The recipe is so easy: Make Martin Lawrence a hot-headed, egotistical college basketball coach, get him thrown out of the league and have him land at junior high school, where he’ll coach misfit 13-year-olds and learn both the error of his ways and what really matters. You can practically hear the pitch that was made to the studio, promising that the movie would do for Lawrence what School of Rock did for Jack Black and Are We There Yet? did for Ice Cube.

I think I laughed once, when Wendy Raquel Robinson called Lawrence handsome. (OK, so I chuckled at Lawrence’s comment about growing up “on the mean streets of suburbia,” but that was it.) However, I didn’t actively dislike the film, which is a major accomplishment for the movie, considering the fact it stars Martin Lawrence.

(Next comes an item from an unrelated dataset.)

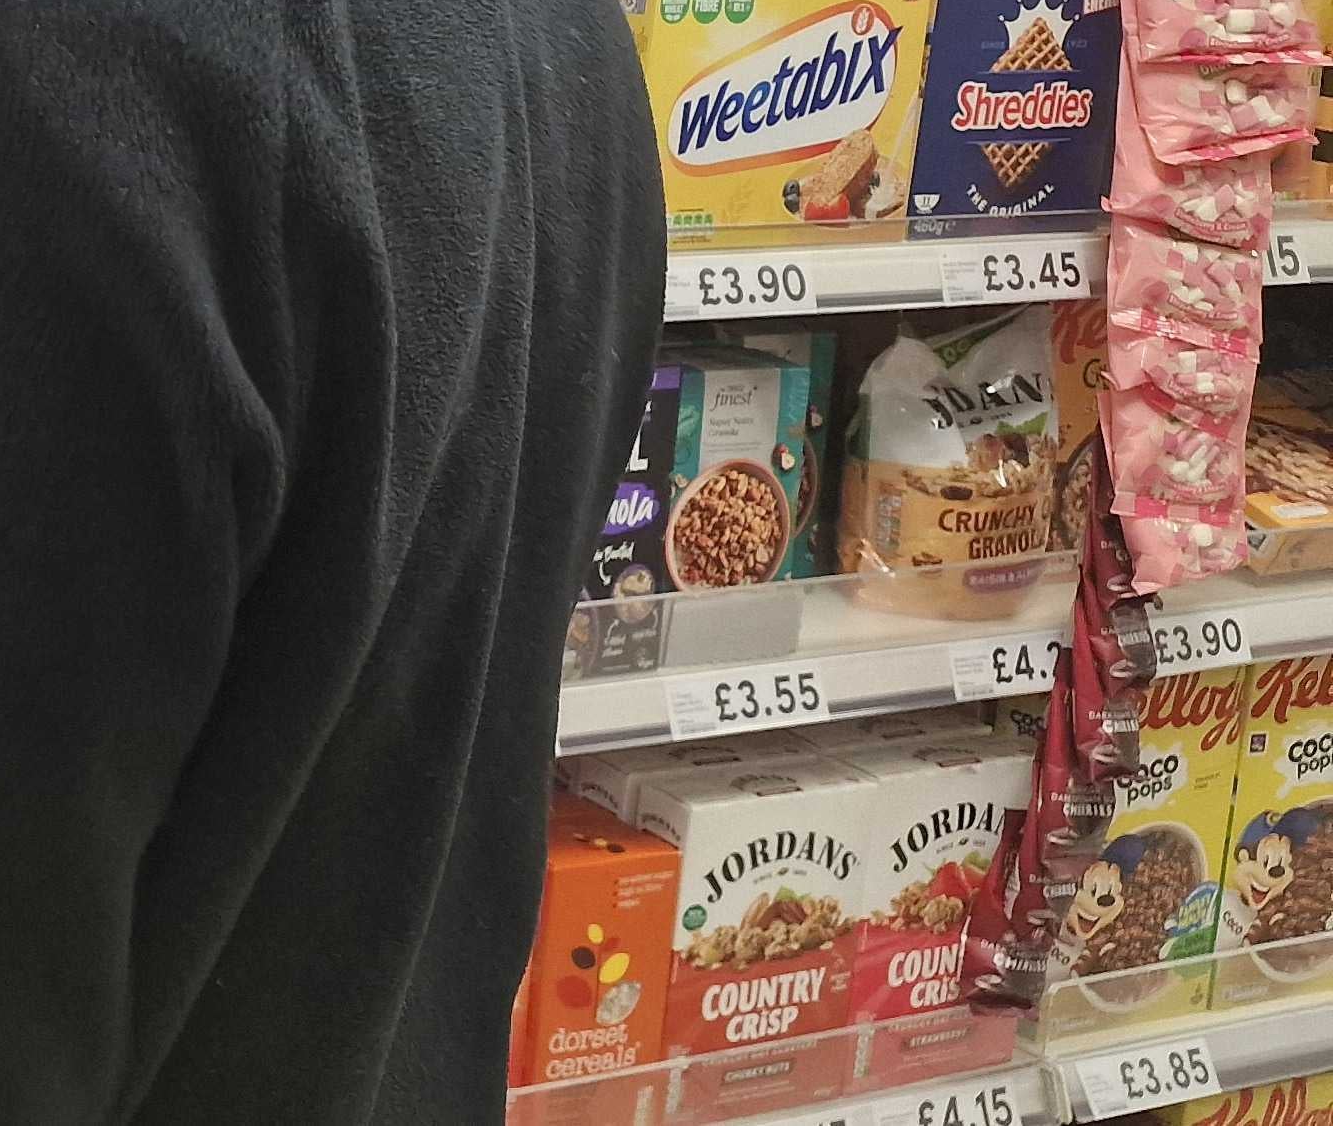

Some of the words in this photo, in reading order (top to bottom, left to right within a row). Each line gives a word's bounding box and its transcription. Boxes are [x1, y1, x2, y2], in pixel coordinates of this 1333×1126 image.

The truth is that a reined-in, PG-rated Lawrence is a lot more palatable than the PG-13 or R-rated Lawrence. (For those who like Lawrence at his cruder level, worry not — Rebound comes with an attached trailer for Big Momma’s House 2, which boasts a substantial crudity quotient.) He doesn’t exactly become cute and cuddly, but the sleaze factor is pleasantly absent, and he actually does something that could almost be taken for acting.

Still, it’s not so much Lawrence who makes the film as painless as it is, but the kids. Even though they’re the exact assortment of central-casting types that you know are going to populate a movie about misfits playing sports, the young actors — especially Tara Correa (TV’s Judging Amy) and virtual newcomer Steven C. Parker — come across as both likable and believable. Some members of the supporting cast, such as Horatio Sanz (TV’s Saturday Night Live) and Megan Mullaly (Stealing Harvard), help, but most of them are wasted in thankless, one-dimensional roles.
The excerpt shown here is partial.